SUPPLIED MATERIAL:
########################################

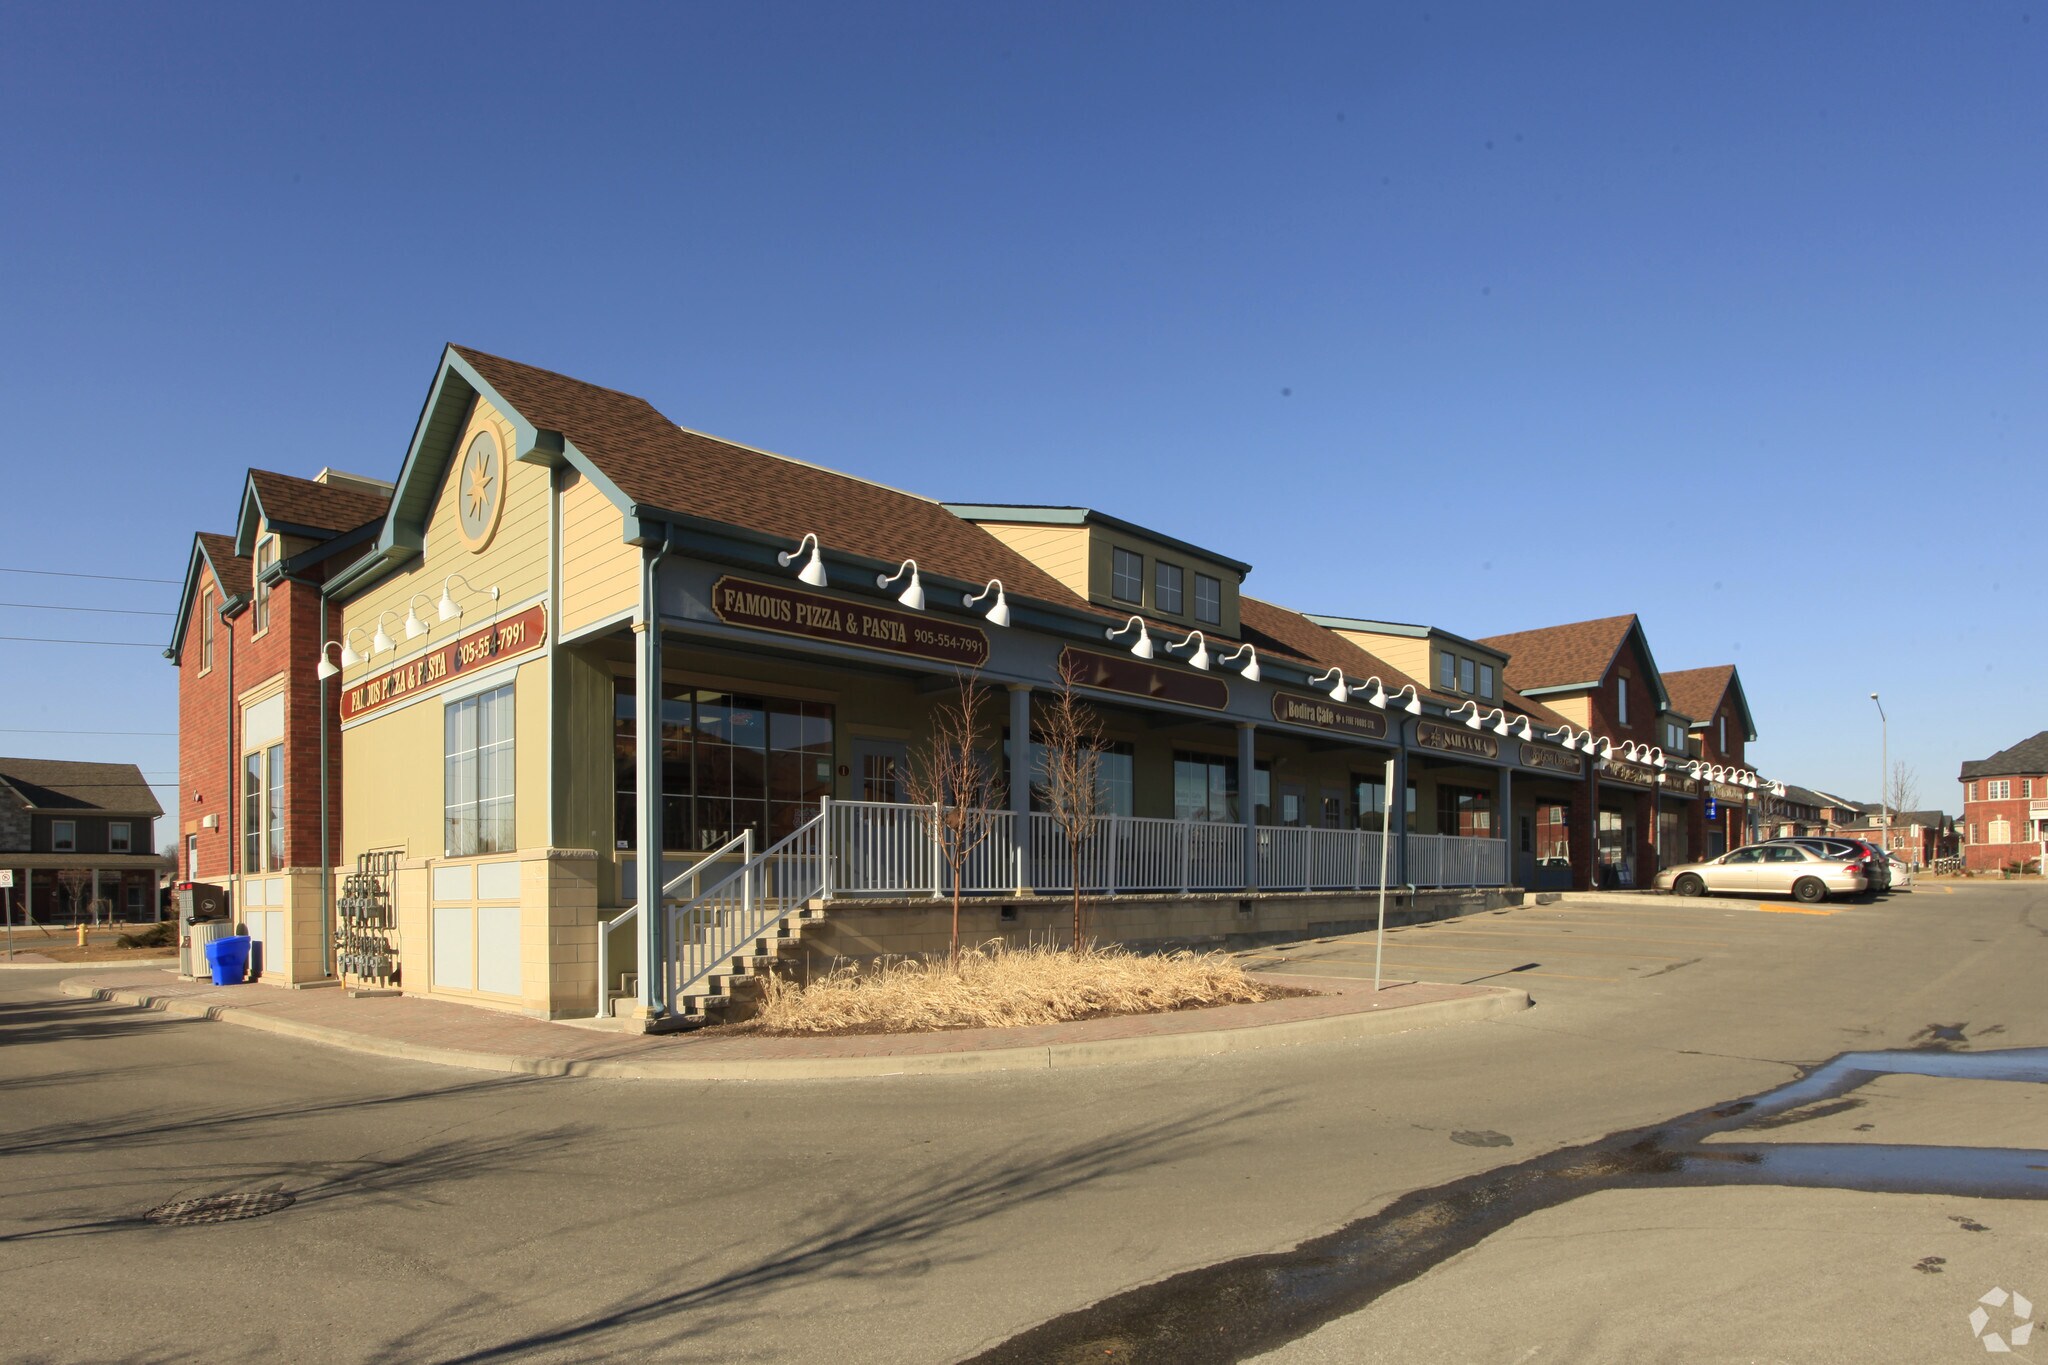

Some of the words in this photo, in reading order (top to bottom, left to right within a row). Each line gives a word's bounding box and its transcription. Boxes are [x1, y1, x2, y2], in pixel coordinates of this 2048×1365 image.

[724, 588, 792, 622] FAMOUS
[796, 602, 842, 632] PIZZA
[846, 612, 858, 635] &
[862, 616, 907, 643] PASTA
[914, 628, 983, 654] 905-554-7991
[381, 669, 406, 701] PIZZA
[407, 665, 416, 690] &
[417, 652, 447, 686] PASTA
[1288, 700, 1316, 722] Bodira
[1316, 705, 1335, 725] Cafe

########################################

EXERCISE:
Return all records exactly; no pictures.

THE ANSWER:
Some of the words in this photo, in reading order (top to bottom, left to right within a row). Each line gives a word's bounding box and its transcription. Boxes are [x1, y1, x2, y2], in pixel coordinates of this 2048×1365 image.

[724, 588, 792, 622] FAMOUS
[796, 602, 842, 632] PIZZA
[846, 612, 858, 635] &
[862, 616, 907, 643] PASTA
[914, 628, 983, 654] 905-554-7991
[381, 669, 406, 701] PIZZA
[407, 665, 416, 690] &
[417, 652, 447, 686] PASTA
[1288, 700, 1316, 722] Bodira
[1316, 705, 1335, 725] Cafe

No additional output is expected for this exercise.